How to Communicate with Patients of All Generations
Tips for nurses to improve communication with patients, young and old
By Megan Murdock Krischke, contributor
As nurses know, there is both an art and a science to nursing. Communicating effectively with patients, especially as adult patients can span five generations, is part of the art. Although communication is a “softer” skill in nursing, it is absolutely critical to providing effective patient care.
“Remember that communication is only as good as what is processed by the receiver,” began Dana Brownlee, corporate trainer and founder of Professionalism Matters. “Communication is often significantly impacted by the mode (how you communicate it) and the message (the actual words/content). These should each be customized to different generations, and even different individuals, for optimal effectiveness. Everyone is unique, but there are generational preferences--keep these in mind to minimize miscommunications.”
Jill Arzouman, DNP, RN, ACNS, BC, CMSRN, president, Academy of Medical-Surgical Nurses, has worked with patients ages 20 - 99 in her role as a surgical oncology nurse.
“The key differences that have stood out to me as I work across generations is that young adults want facts, statistics and a plan. Middle-age patients want the same information but with more detail. Older adults want that information and perhaps additional information on choices along with projected quality of life,” she explained.

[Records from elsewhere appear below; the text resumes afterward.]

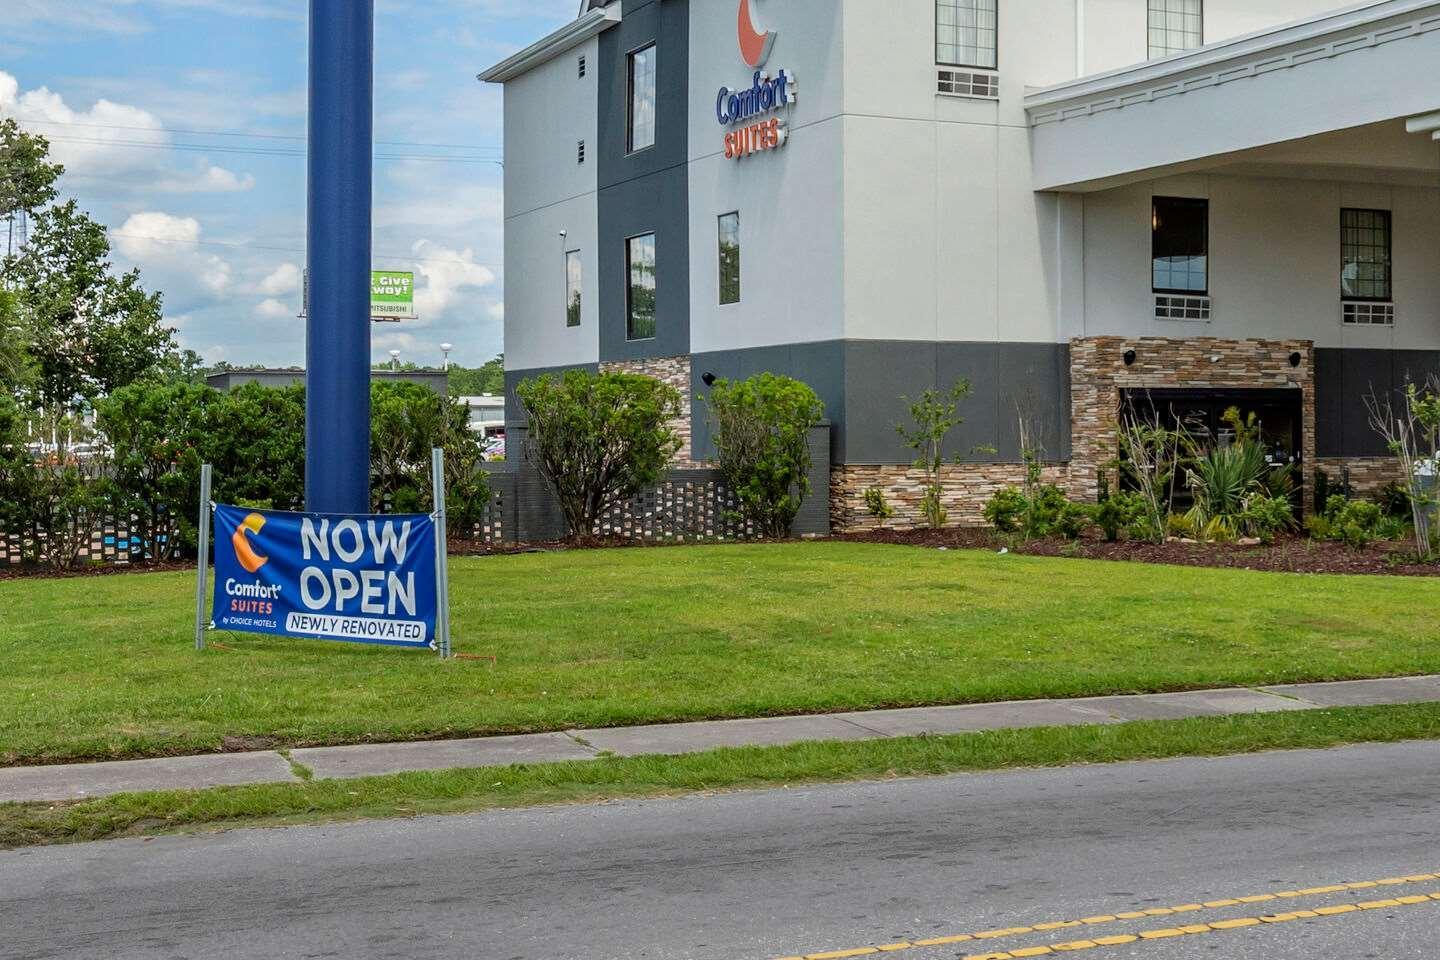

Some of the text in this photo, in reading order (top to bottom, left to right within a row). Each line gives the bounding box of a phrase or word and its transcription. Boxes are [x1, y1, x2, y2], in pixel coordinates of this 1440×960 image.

[716, 68, 789, 125] Comfort
[724, 117, 779, 160] SUITES
[300, 517, 412, 565] NOW
[231, 599, 273, 615] SUITES
[300, 566, 417, 616] OPEN
[229, 616, 252, 626] CHOICE
[253, 618, 278, 628] HOTELS
[290, 615, 421, 639] NEWLY RENOVATED

To improve communication with patients, Brownlee offers nurses the following lists as a way to take generational preferences into account
Gen Xers (born 1965-1980)* and Millennials (born 1981-1997, or mid 2000s)*:
• May be more prone to be multitasking when you are giving patient instructions, so you may need to ask for their full attention when providing critical information and provide it in multiple formats - e.g. tell them face to face, then email a link with discharge instructions.

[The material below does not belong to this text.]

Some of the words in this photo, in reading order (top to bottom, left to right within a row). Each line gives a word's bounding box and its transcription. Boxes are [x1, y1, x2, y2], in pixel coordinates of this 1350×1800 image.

• May be more likely to have diagnosed themselves or at least done research online, so be prepared to address their questions, etc.
º It can be helpful to develop talking points around the dangers of using Google as a substitute for a medical evaluation.

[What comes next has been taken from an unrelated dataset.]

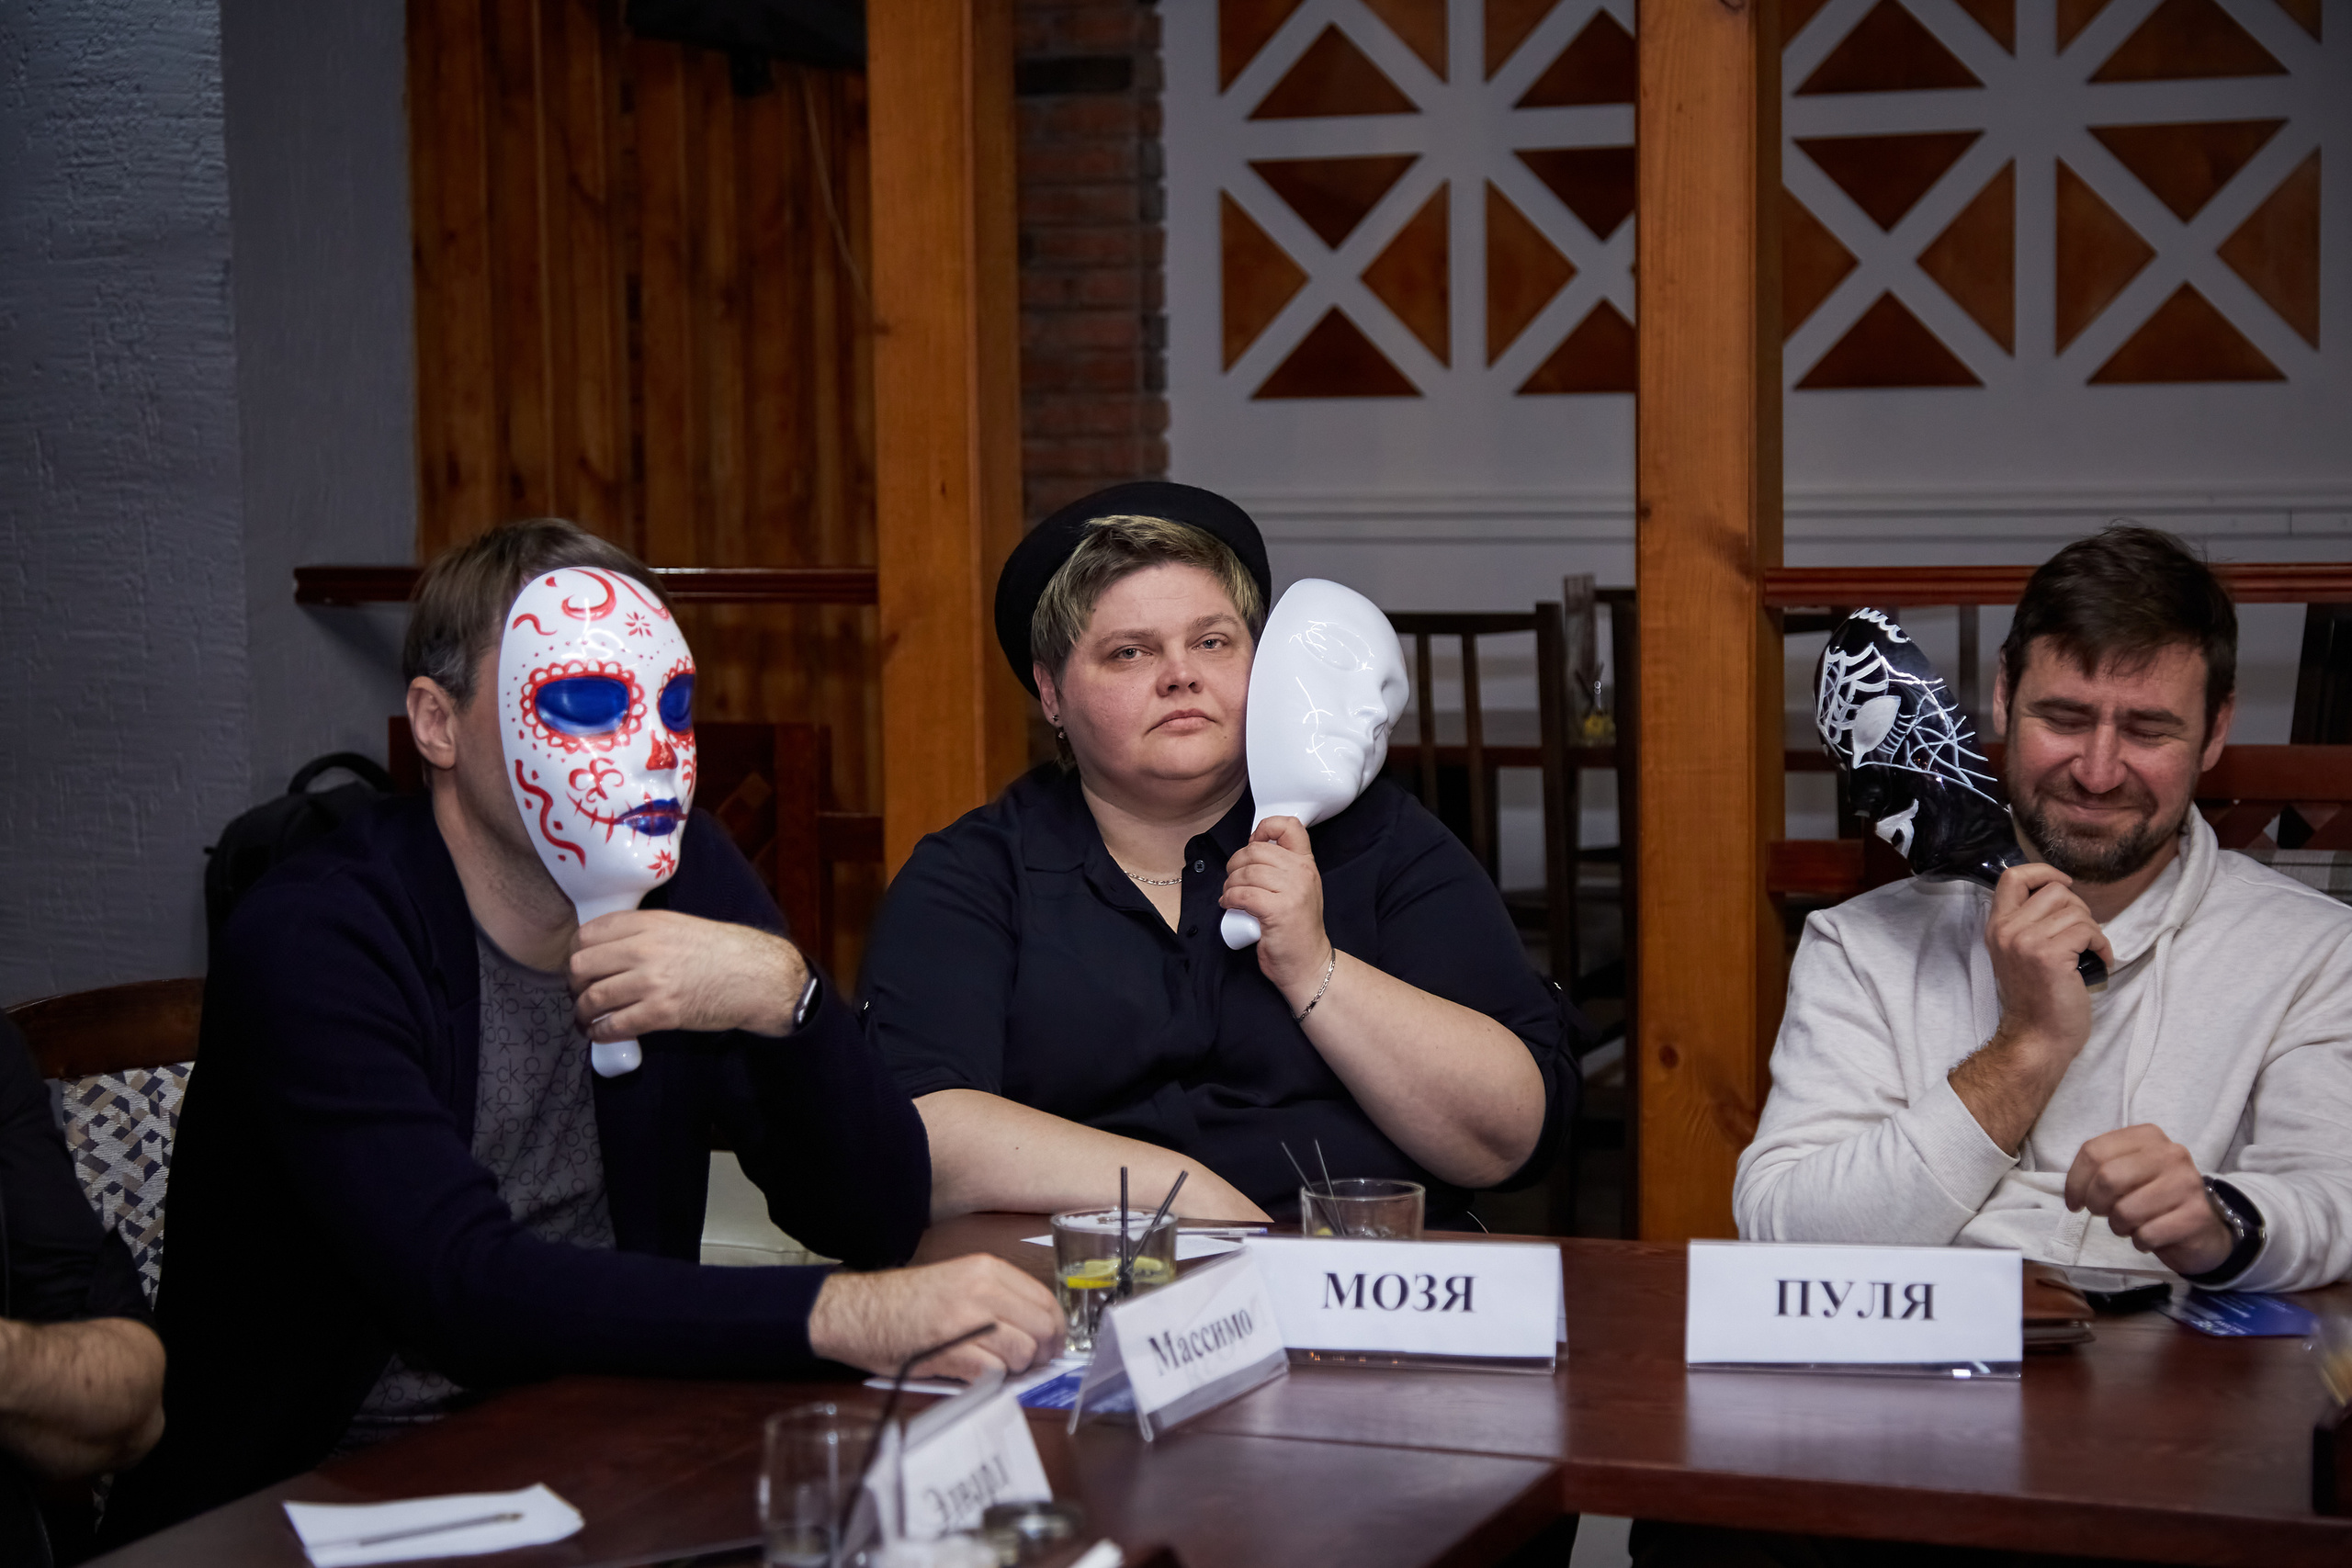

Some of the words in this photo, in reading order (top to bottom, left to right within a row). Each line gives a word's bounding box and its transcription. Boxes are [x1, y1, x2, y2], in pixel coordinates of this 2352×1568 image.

[496, 1057, 521, 1084] ck
[1321, 1270, 1478, 1313] МОЗЯ
[1774, 1279, 1938, 1320] ПУЛЯ
[1147, 1308, 1253, 1376] Массимо

• Typically prefer social media, smartphone apps or similar communication, so consider blogs, Facebook pages and YouTube videos for tutorials for this group.
º Consider asking them to set up alerts to remind them to take medication regularly, for example.
• May not respond to dated references/analogies that were before their time
• May not take their health issues as seriously because they feel they're invincible
º Remember that many younger people have not attended a funeral or experienced a hospital stay
Baby Boomers (born 1946-1964)* and older (Silent Generation,1928-1945; Greatest Generation,1900-1928)*:
• Could be distrustful of younger nurses and physicians, so be prepared
• Nurses should ask their preferences for getting test results, etc.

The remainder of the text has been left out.